Unternehmen aus dem Gesundheitsbereich besonders betroffen
Es ist kein Zufall, dass die nun bekannt gewordenen Fälle Unternehmen aus dem Gesundheitsbereich treffen. Hier legen die Datenschutzbehörden ein besonderes Augenmerk auf die Einhaltung der datenschutzrechtlichen Vorschriften, da Ärzte, Kliniken und Gesundheitsunternehmen ständig mit besonders sensiblen Daten umgehen. Die Datenschutzgrundverordnung schützt Gesundheitsdaten deshalb auch besonders, indem diese als „besondere Kategorien personenbezogener Daten“ eingestuft werden (Art. 9 Abs. 1 DSGVO). Dies führt dazu, dass diese Daten nur im Ausnahmefall und mit ausdrücklicher Einwilligung des Betroffenen verarbeitet werden dürfen. Zu den nach Art. 9 Abs. 1 DSGVO besonders geschützten Daten gehören neben den Gesundheitsdaten außerdem
- rassische und ethnische Herkunft
- politische Meinungen
- religiöse oder weltanschauliche Überzeugungen
- Gewerkschaftszugehörigkeit
- genetische Daten
- biometrische Daten
- Daten zum Sexualleben oder der sexuellen Orientierung
Unternehmen müssen mit verstärkten Kontrollen und Sanktionen rechnen
Viele Experten und Anwälte befürchteten im Laufe des Jahres 2018 eine vermehrte Anzahl von wettbewerbsrechtlichen Abmahnungen wegen Datenschutzverstößen. Dies hat sich bislang nicht bewahrheitet. Wir gehen aber davon aus, dass Abmahnungen von Konkurrenten sowie Gerichtsverfahren zukünftig vermehrt ausgesprochen und im Fokus der Öffentlichkeit stehen werden.
Auch wenn Behörden auch in Zukunft wohl nicht alle Datenschutzverstöße mit Bußgeldern ahnden werden, sollten vor allem Unternehmen, die mit besonders sensiblen Daten umgehen, mit stärkeren Kontrollen und der strengeren Sanktionierung von Verstößen rechnen. Dies ist auch nachvollziehbar, da vor allem Unternehmen mit sehr vielen Datenverarbeitungen und Unternehmen, die mit sensiblen Daten arbeiten, im besonderen Fokus des europäischen Gesetzgebers bei der Einführung der Datenschutzgrundverordnung standen.

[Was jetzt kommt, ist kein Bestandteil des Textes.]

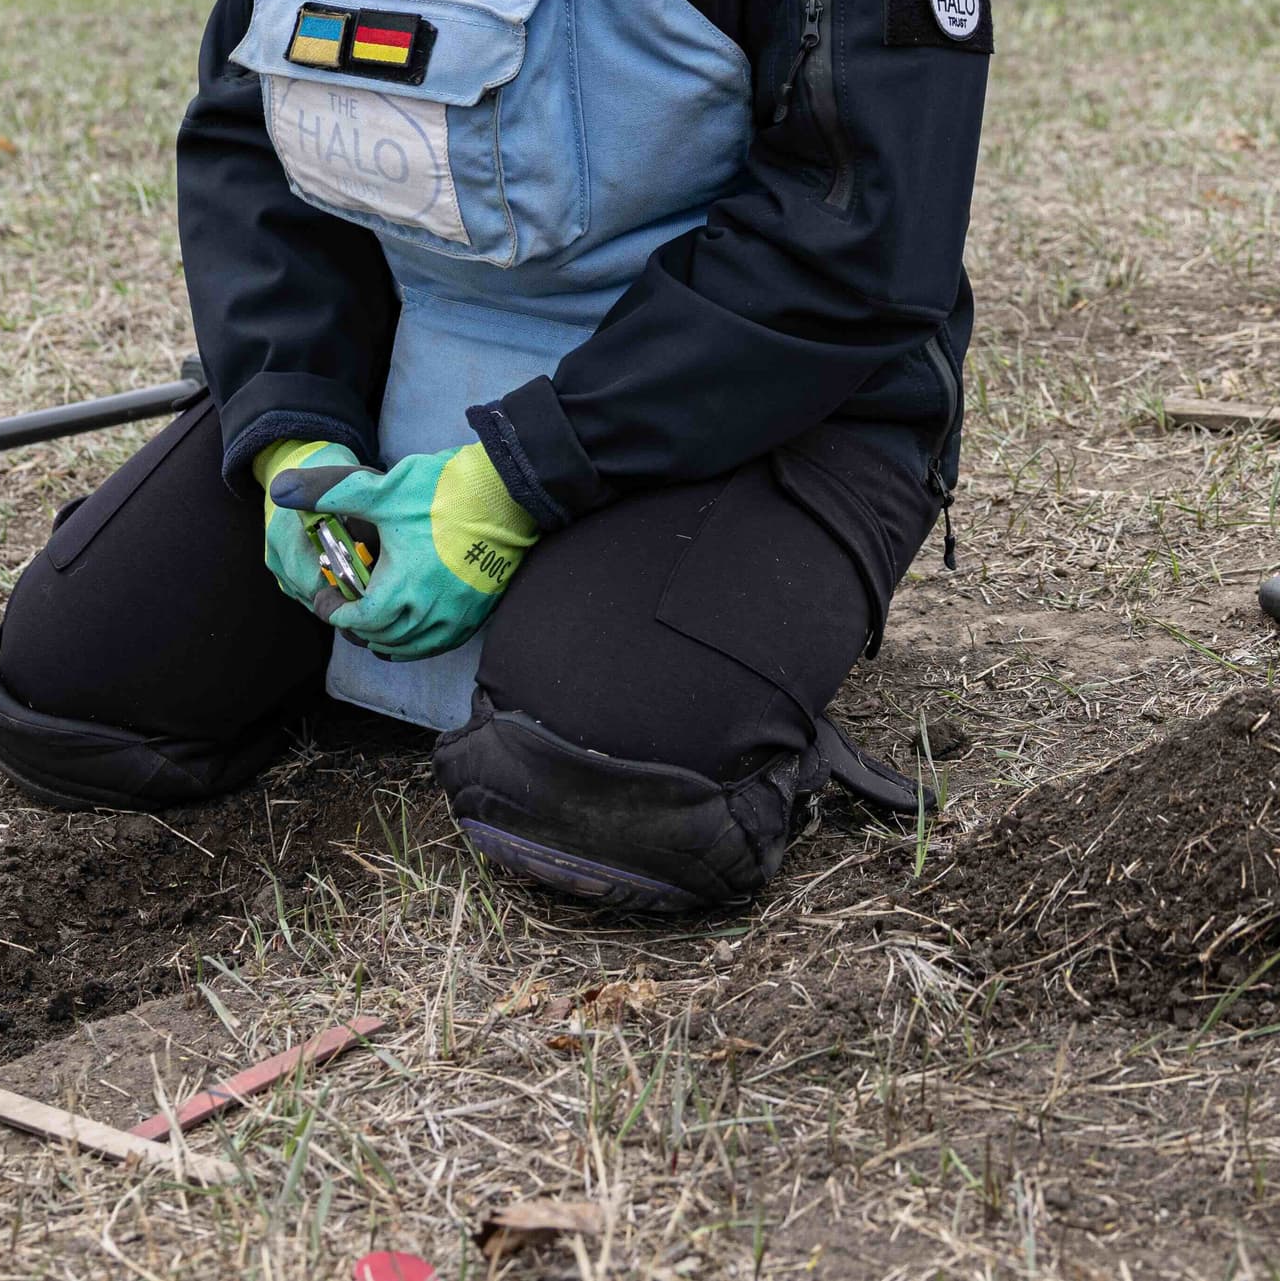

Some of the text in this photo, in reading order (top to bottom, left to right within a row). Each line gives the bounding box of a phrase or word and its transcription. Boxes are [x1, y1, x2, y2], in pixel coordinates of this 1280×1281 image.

[948, 16, 967, 29] TRUST
[328, 92, 359, 120] THE
[298, 109, 409, 185] HALO

Prüfung der DSGVO unvermeidlich
In jedem Fall wird die Kontrolldichte durch die Datenschützer steigen. Den „Kopf in den Sand“ zu stecken ist daher keine gute Alternative. Gerade Unternehmen im Gesundheitsbereich und Unternehmen mit einer Vielzahl von Datenverarbeitungen sollten nicht abwarten, sondern initiativ den Datenschutz im Unternehmen prüfen und bislang vielleicht versäumte Umsetzungsmaßnahmen zeitnah mit professioneller rechtlicher Beratung angehen. So kann eine Haftung wegen Datenschutzverstößen, die auch Geschäftsführer und Vorstände treffen kann, möglicherweise noch abgewendet werden.